そのために、外部研究機関との共同研究も推進し、新規創薬ターゲット探索、疾患バイオマーカー探索などを通じて新しい創薬コンセプトの実現を目指しております。次世代の塩野義を担う責任ある領域であることを誇りに思いながら、フロンティア精神旺盛な創薬研究を展開しております。

- どのような生体分子をターゲットにすれば、どのような疾患の薬が創れるか?それを考えるところから新薬の研究は始まります。基盤技術系部門では、ゲノム情報やモデル動物を用いた解析を通じて、受容体や酵素といった創薬ターゲットの探索を行います。見出されたターゲット候補分子が病態に関連している事が確認されると、膨大な化合物ライブラリから最先端のアッセイ技術を駆使して「新薬の種」となる化合物が選出されます。基盤技術系部門は、疾患モデル動物の作出・育成、病理組織化学、構造生物、分子イメージング、抗体工学、核酸工学、蛋白解析などの機能も備え、薬理系部門と化学系部門が主導する創薬研究を技術側面から支えています。また核酸医薬・抗体医薬などの高分子医薬に関する研究も行っています。

- 薬理評価部門は、感染症、代謝性疾患、疼痛神経系やアレルギー・癌のフロンティア創薬領域の4領域をベースとしたそれぞれの疾患のエキスパートの集りです。薬理評価部門の研究は、疾患の特性を見極め、どのような分子をターゲットとして、どのような薬を創れば良いかを提案するところから始まります。“新薬の種”を薬に育て上げていく過程では、先ずは薬効を正しく迅速に評価することが最重要となります。薬理評価部門では、高度な専門知識に裏付けられたin vitro評価系やin vivo動物モデルを駆使して、化合物の特徴を最大限に引き出し、開発化合物へと仕上げていきます。薬理評価部門は、薬の生まれる過程にもっとも長く関わることから、薬作りへの情熱が何よりも大事になります。

- 化学系部門では「新薬の種」となる化合物に対して様々な構造修飾を行い、薬理活性・薬物動態・安全性・物性を最適化して患者さんの待ち望む医薬品へと成長させていきます。従来のメディシナルケミストリーに加え、最近では標的タンパク質との複合体構造解析、コンピューターを用いた薬物動態予測などの最新技術を駆使して化合物をデザインし、最新の合成・精製機器やパラレル合成技術を用いることで、短期間で質の高い候補化合物を創製します。また、核酸創薬等の新しい分野にも挑戦しています。

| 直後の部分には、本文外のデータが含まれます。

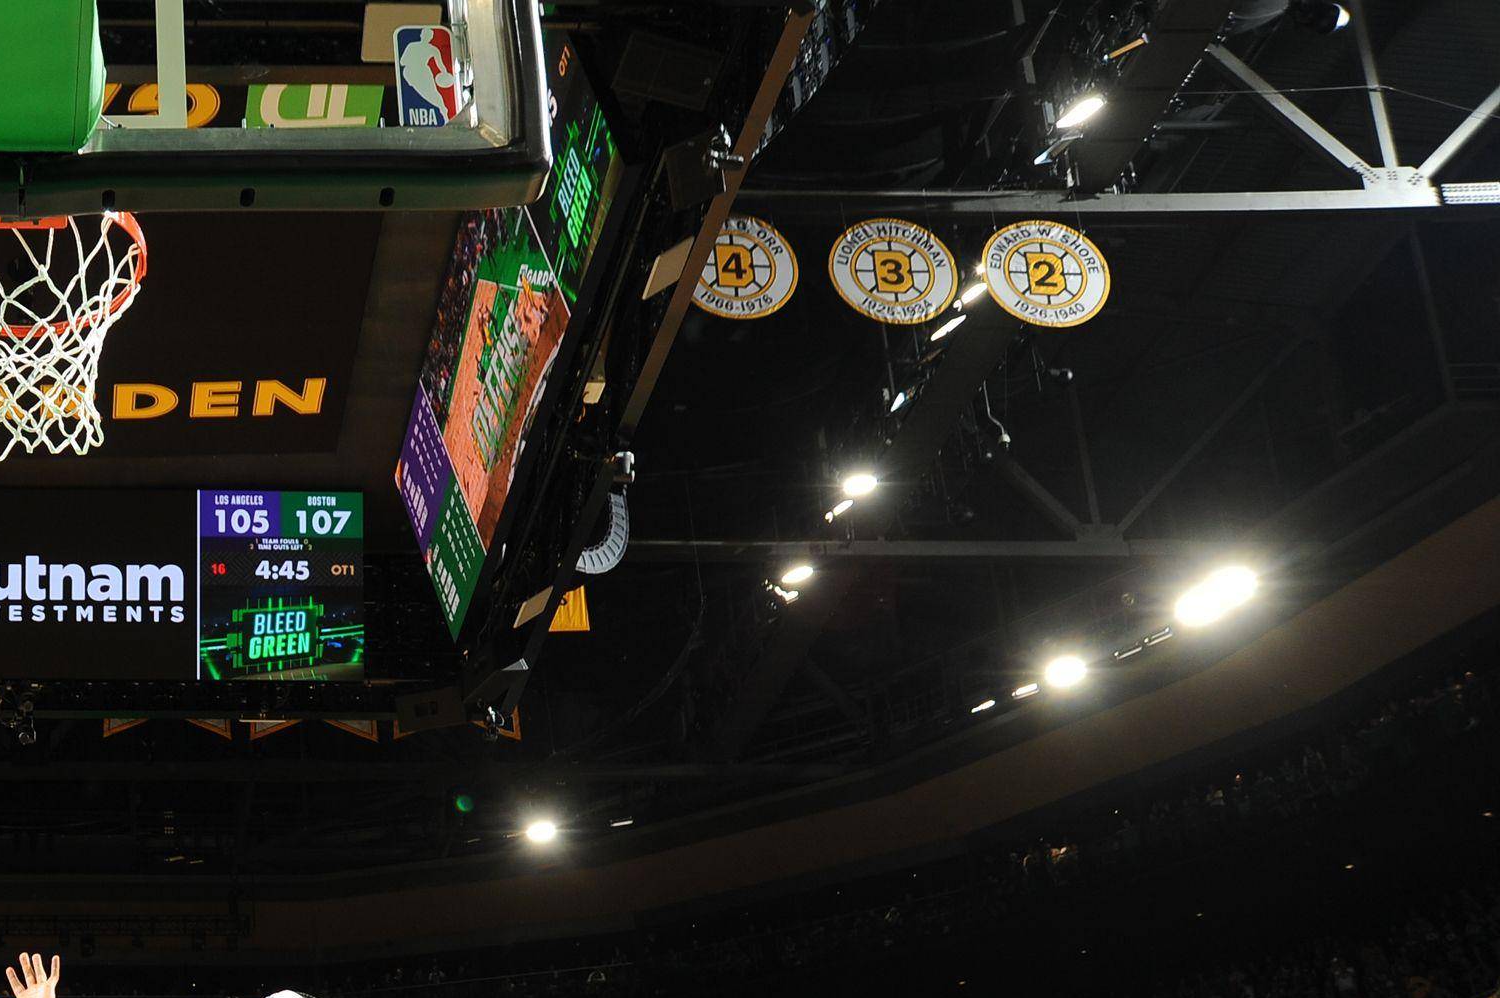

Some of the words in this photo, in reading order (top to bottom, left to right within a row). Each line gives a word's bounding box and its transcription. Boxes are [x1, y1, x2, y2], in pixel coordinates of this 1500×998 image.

- よりよい新規医薬品を創製するためには、候補となる化合物の物性をはじめとするプロファイルを明らかにするとともに、安全性、薬物動態、薬効薬理等の非臨床試験及び臨床試験により、医薬品としての価値を確認していくことが重要です。分析化学研究においては、探索、創薬、開発、申請、市販後の幅広いステージにおいて、その価値確認に必要な構造解析、物性評価、品質評価,非臨床・臨床試験時の動物・ヒト生体試料中濃度測定並びに分析法・評価法の開発研究を、対応する法規制に則り迅速かつ的確に行うことにより、新薬開発に貢献しています。また、創薬研究支援のための分析化学的基礎研究や他部門との連携によるメタボノミクスやバイオイメージングなどの新規技術研究にも取り組んでいます。

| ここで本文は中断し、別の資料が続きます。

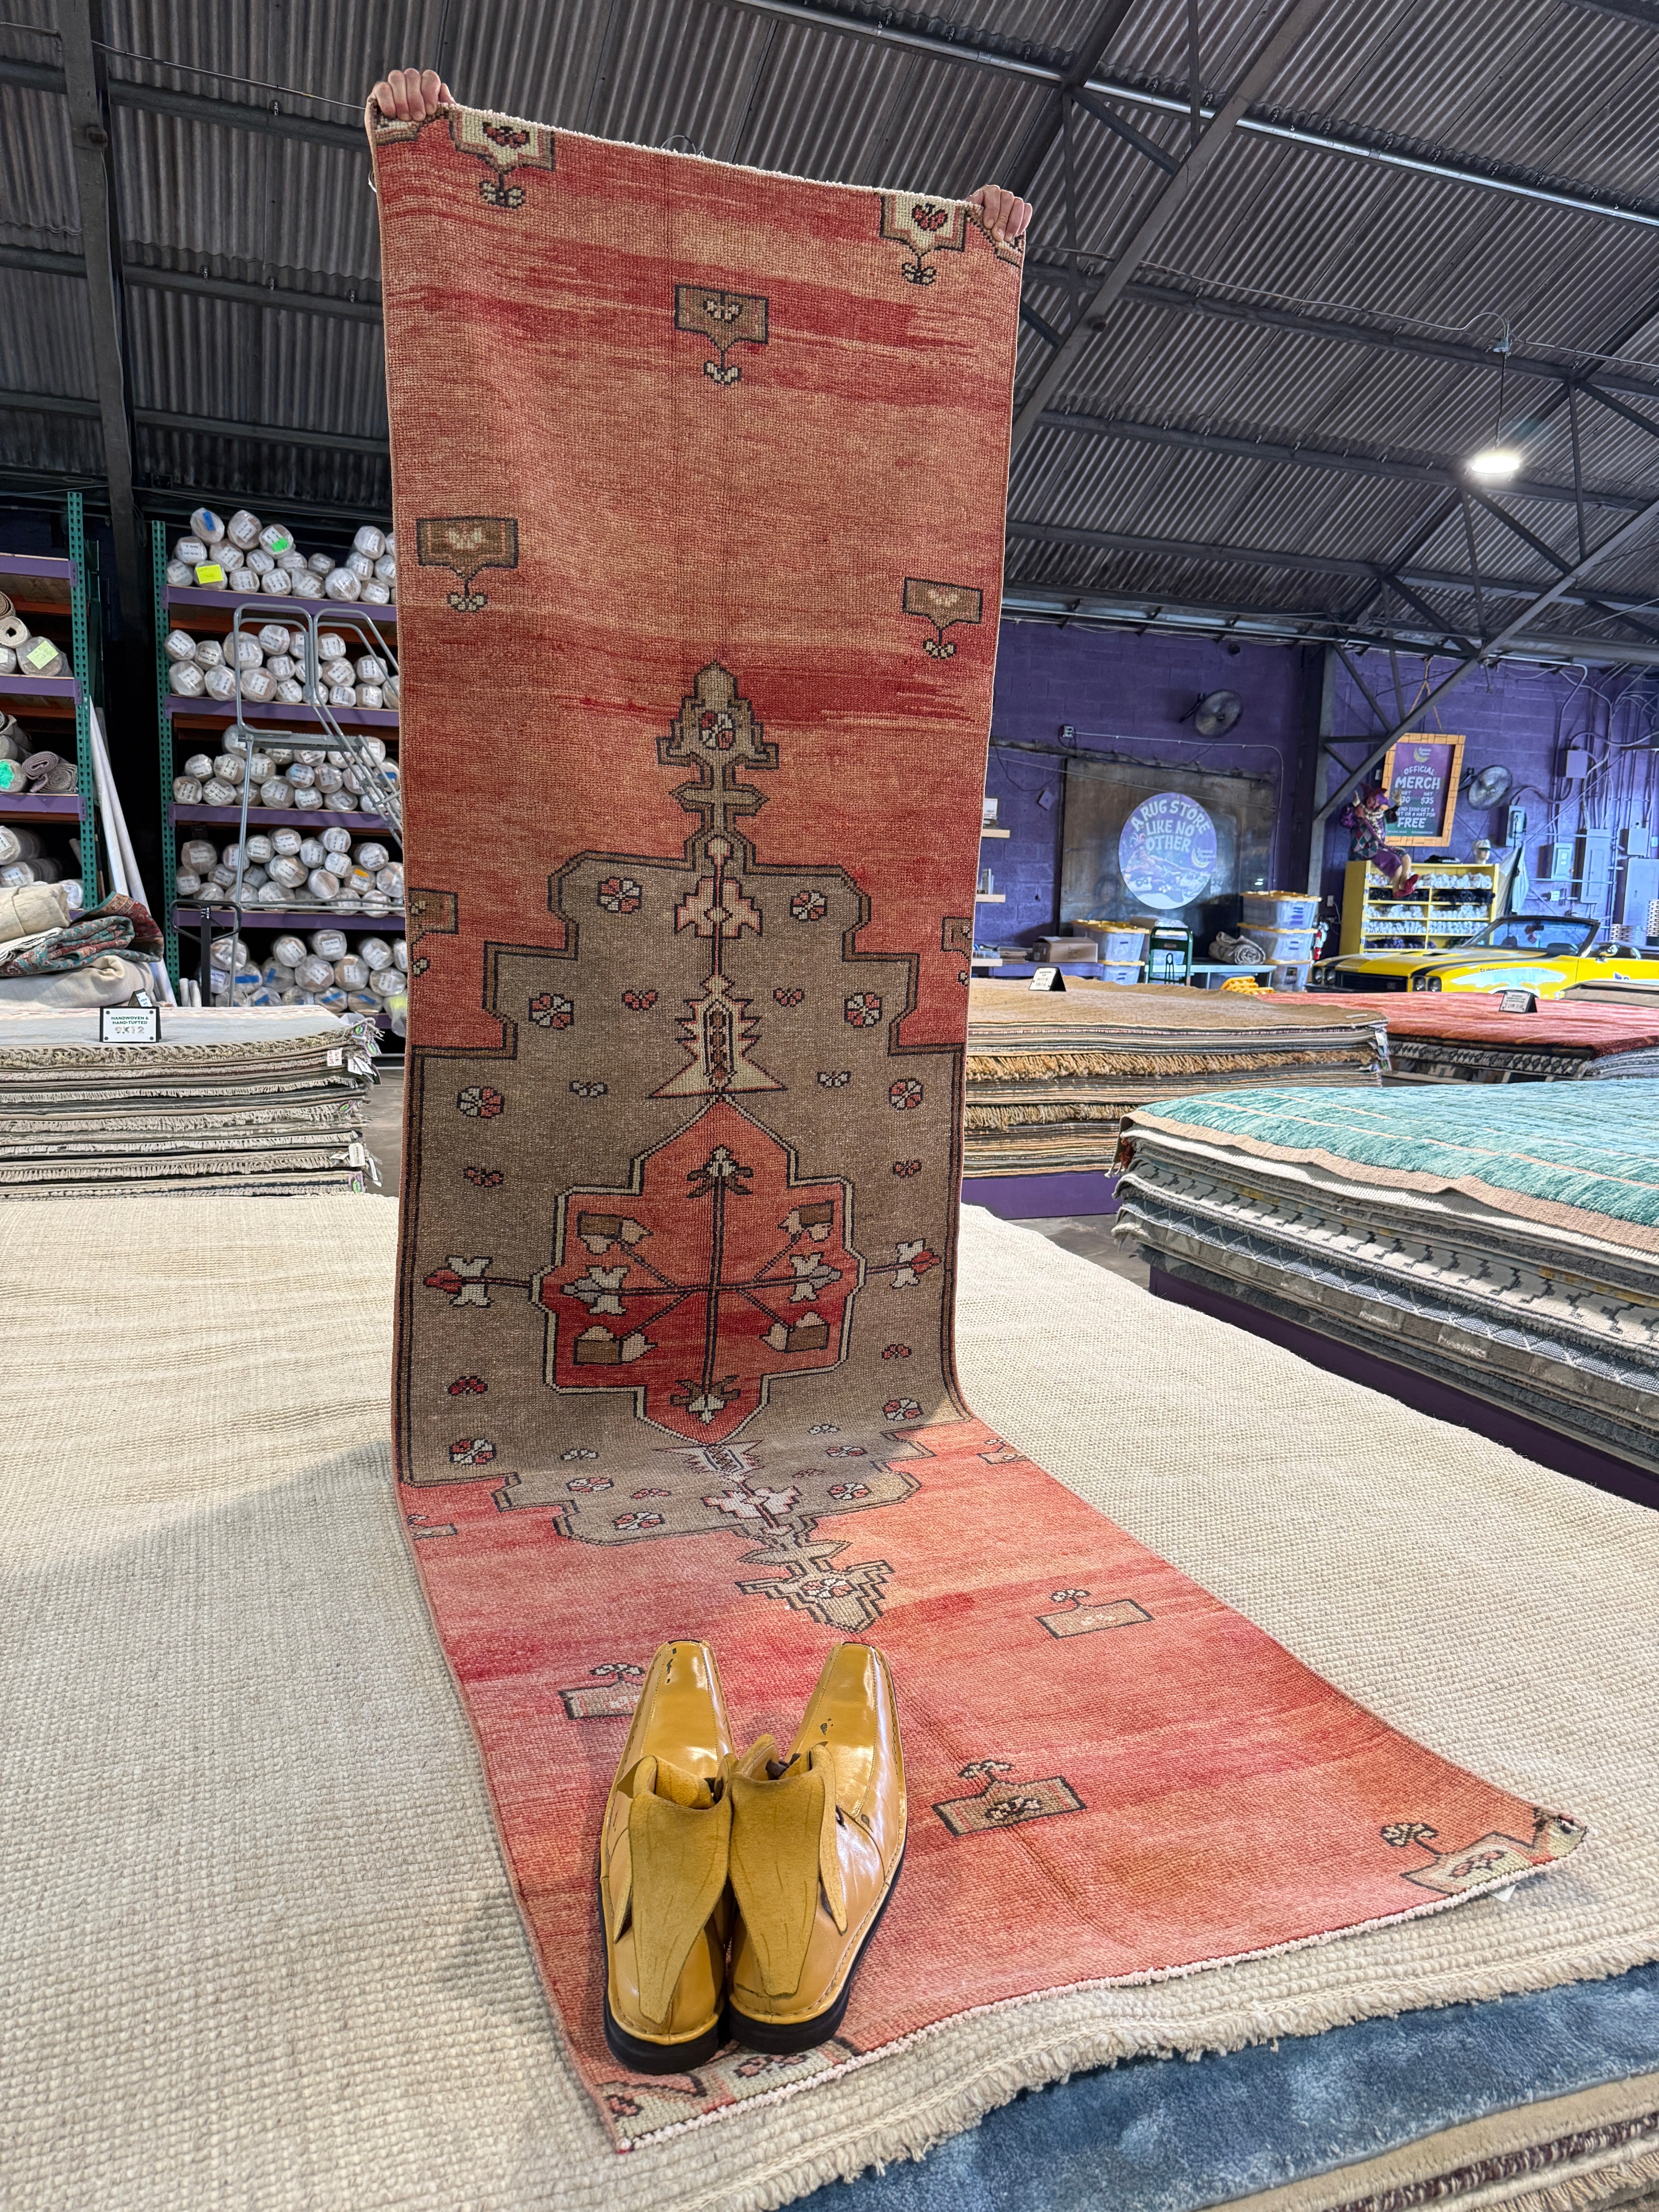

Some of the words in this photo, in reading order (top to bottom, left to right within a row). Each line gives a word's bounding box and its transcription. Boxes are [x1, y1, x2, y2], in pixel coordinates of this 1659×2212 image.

[1404, 766, 1434, 776] OFFICIAL
[1395, 776, 1440, 790] MERCH
[1131, 816, 1144, 831] A
[1140, 799, 1167, 821] RUG
[1170, 800, 1211, 834] STORE
[1397, 817, 1426, 828] FREE
[1146, 819, 1173, 835] LIKE
[1175, 820, 1195, 837] NO
[1146, 835, 1192, 852] OTHER

- 薬物動態試験では、医薬品(の候補)が体の中でどのような運命をたどるのかを明らかにします。すなわち、どの程度吸収されるのか、血中濃度がどれくらい維持されるのか、どの臓器・組織へ運ばれるのか、どこでどのような形に代謝変換されるのか、どこから体外へ排泄されるのかを解明します。医薬品の候補は、優れた薬理効果を持っていなくてはいけませんが、それと同時に、ヒトで良好な体内動態を示すものでなければ、良い薬にはなりません。薬物動態の情報は、創薬の探索段階、高次評価段階、臨床試験の段階そして市販後の服薬ガイダンスまで、幅広く活用されます。特に、薬物相互作用の回避や個別化医療への貢献など、重要な役割を果たしていることにやりがいを感じつつ、日々頑張っています。

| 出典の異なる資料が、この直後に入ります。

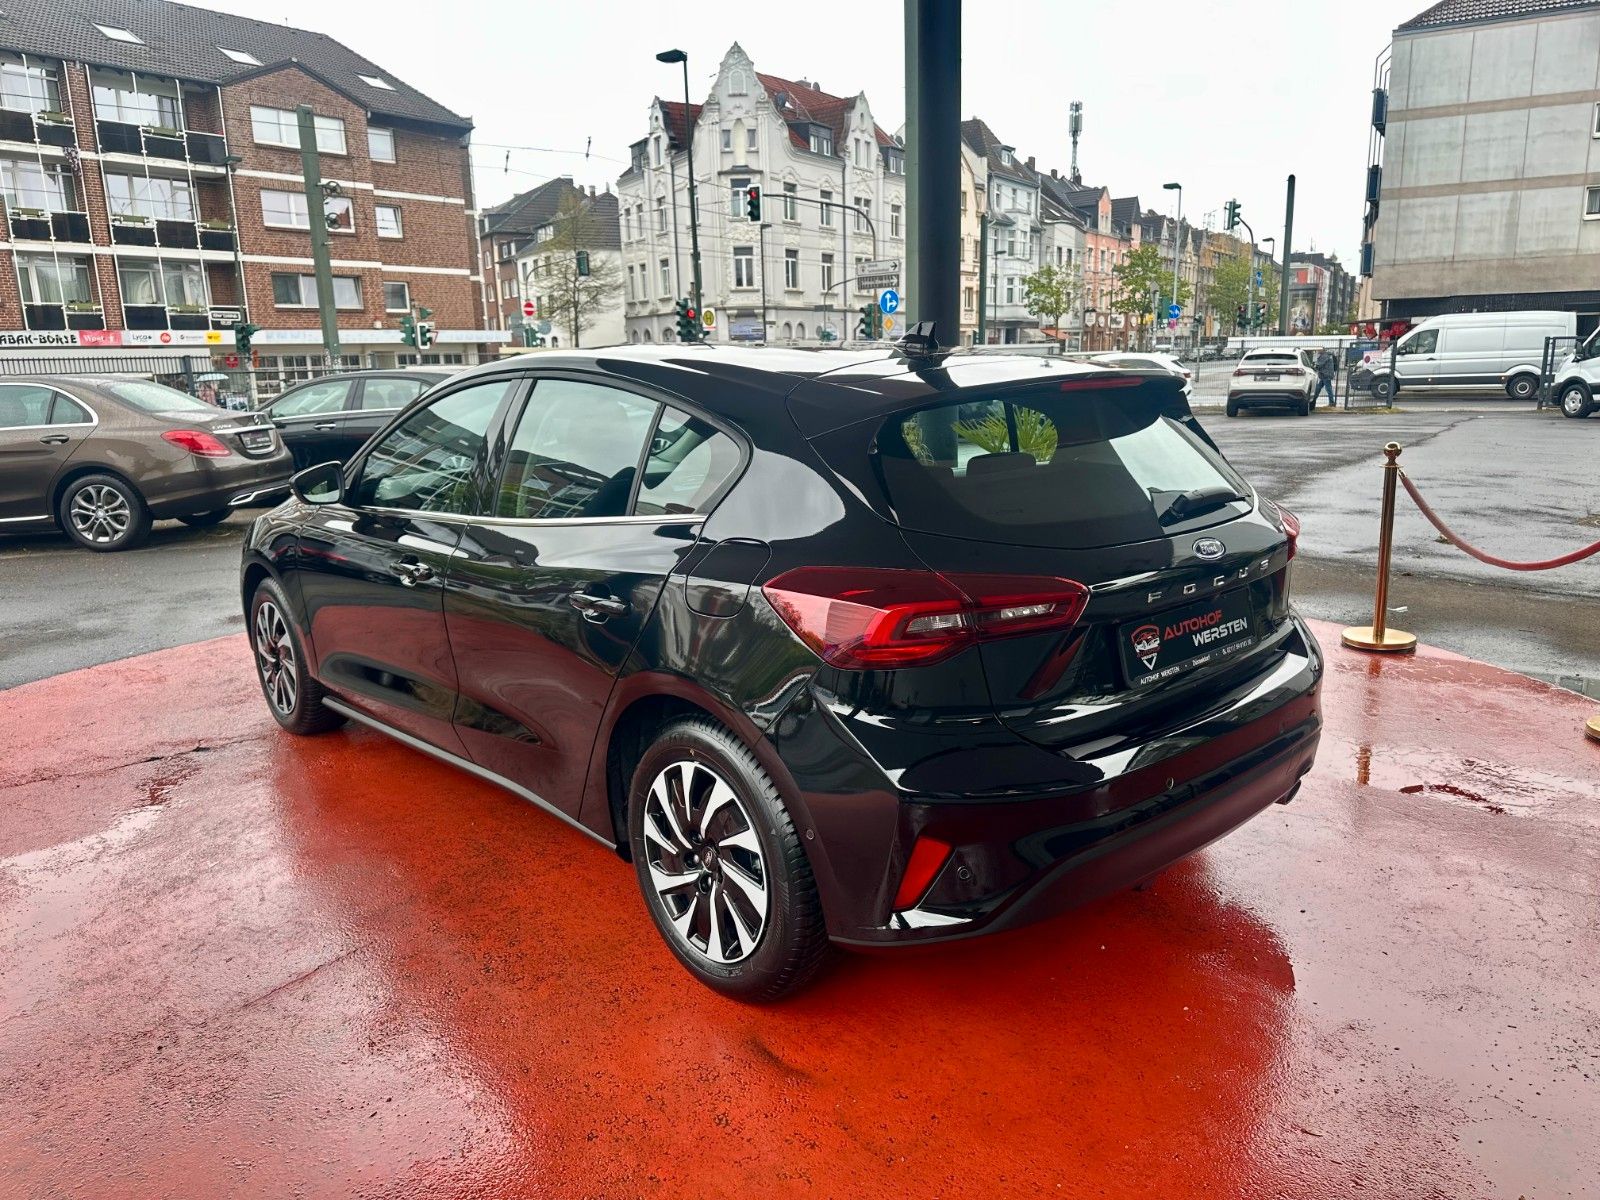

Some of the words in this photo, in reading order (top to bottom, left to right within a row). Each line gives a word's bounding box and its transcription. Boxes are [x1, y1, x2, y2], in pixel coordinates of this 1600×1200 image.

[1147, 559, 1269, 603] FOCUS
[1163, 609, 1223, 641] AUTOHOF
[1192, 617, 1248, 647] WERSTEN

- 医薬品は確実な有効性を有すると同時に、高い安全性が担保されていることが非常に重要です。安全性研究部門では、細胞や動物を用いた様々な実験を行うことにより、開発化合物をヒトに投与した際の副作用を予測し、より安全な医薬品を創出することを目指し日々努力しています。国際基準のガイドラインに準拠した種々の安全性試験を実施し、開発化合物の安全性をGLPに則り評価するとともに、医薬品開発のより初期の段階で毒性をスクリーニング的に評価することにより、安全性面から開発化合物を選択することにも力を入れています。また、トキシコゲノミクスをはじめ毒性の発現メカニズム解明や新規評価系の確立などの基礎的研究も進行しています。